No sofá da sala, na mesa da cozinha, na cama, no banheiro, nas rodas de conversa, em eventos sociais ou até mesmo em momentos improváveis — o celular está sempre presente na vida e na rotina das pessoas. As histórias rolam, os vídeos passam, o jogo continua, as notificações chegam uma atrás da outra e os olhos se perdem no brilho dos dispositivos, enquanto o mundo ao redor parece ficar em segundo plano. 
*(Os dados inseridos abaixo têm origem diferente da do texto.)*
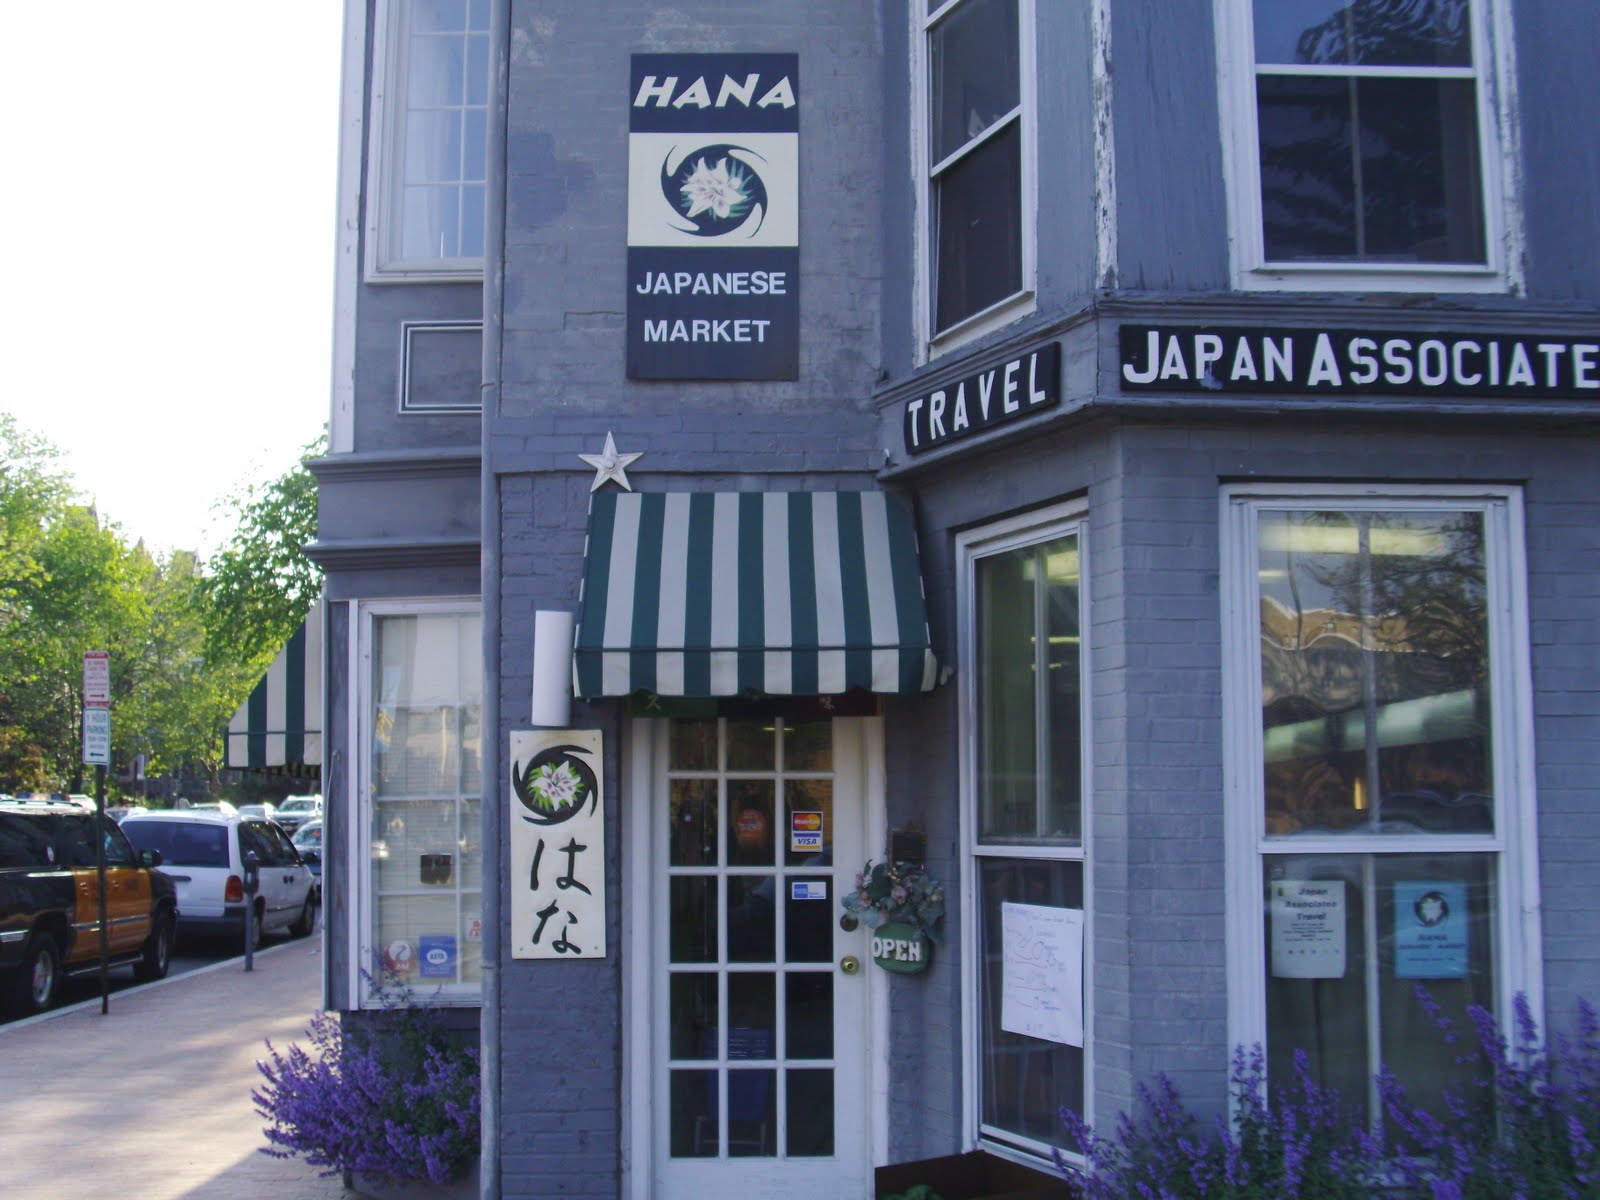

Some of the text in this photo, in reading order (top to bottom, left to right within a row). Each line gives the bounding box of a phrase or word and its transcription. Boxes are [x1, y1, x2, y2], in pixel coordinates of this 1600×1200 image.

[633, 73, 796, 109] HANA
[636, 270, 786, 295] JAPANESE
[643, 319, 771, 342] MARKET
[1122, 330, 1600, 389] JAPAN ASSOCIATE
[907, 352, 1046, 447] TRAVEL
[530, 837, 592, 955] はな
[1298, 888, 1328, 896] Japan
[1296, 912, 1327, 920] Travel
[870, 937, 921, 961] OPEN
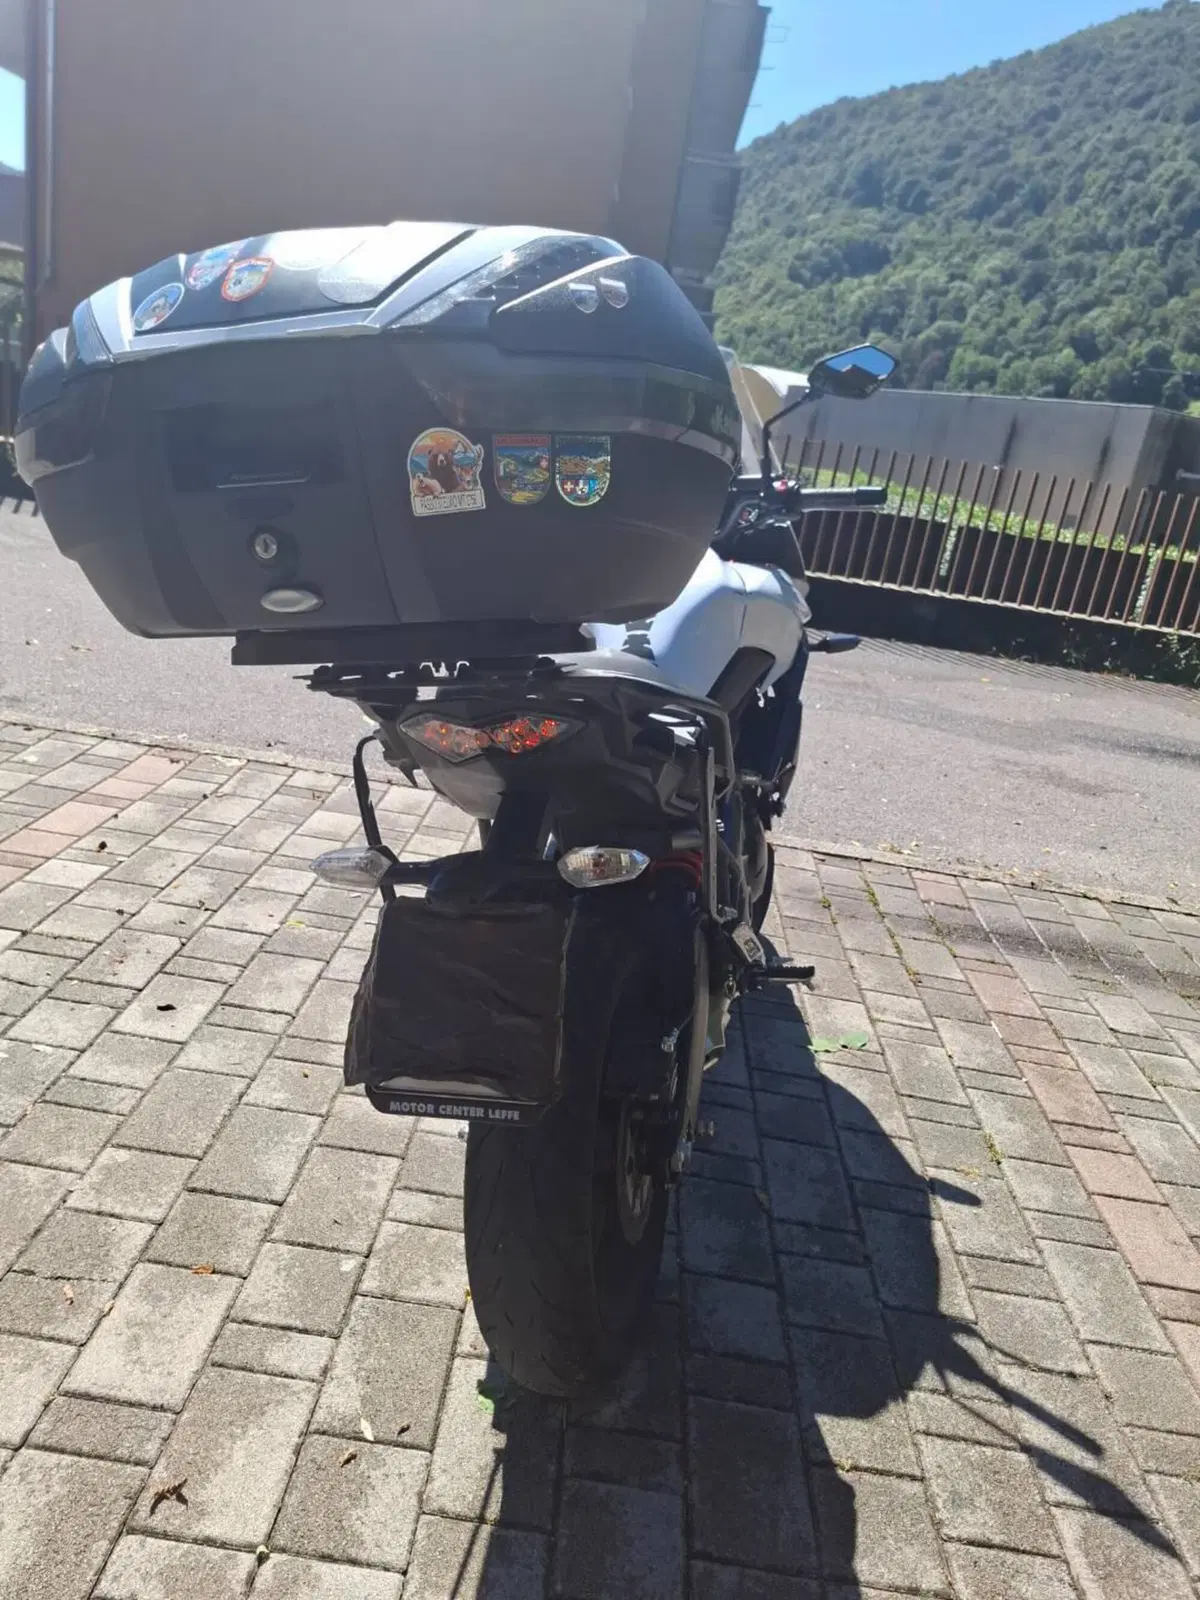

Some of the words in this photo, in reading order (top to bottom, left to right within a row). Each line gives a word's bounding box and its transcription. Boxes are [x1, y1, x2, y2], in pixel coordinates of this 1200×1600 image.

[389, 1101, 435, 1114] MOTOR
[438, 1104, 485, 1118] CENTER
[488, 1108, 520, 1121] LEFFE
As interações presenciais perdem espaços para engajamentos virtuais, e o tempo diante das telas vai passando quase sem ser percebido. Para crianças e adolescentes – geração Z, nascidos no final dos anos 1990 e meados dos anos de 2010 – a situação é ainda mais crítica, pois, muitas vezes, esses hábitos começam, ainda, nos primeiros anos da infância e levanta preocupações sobre os impactos no desenvolvimento cognitivo, no âmbito comportamental e, acima de tudo, na saúde psíquica.

A dona de casa, Verônica Galvão, percebeu que a filha, Maria Isabela, de 14 anos, estava utilizando telas mais do que o normal. O auge foi quando a menina passou a ser afetada na escola, com reflexo direto nas notas adicionadas ao boletim. “O tempo excessivo no celular estava prejudicando os estudos dela, tirando o foco e causando desconcentração”, afirmou. 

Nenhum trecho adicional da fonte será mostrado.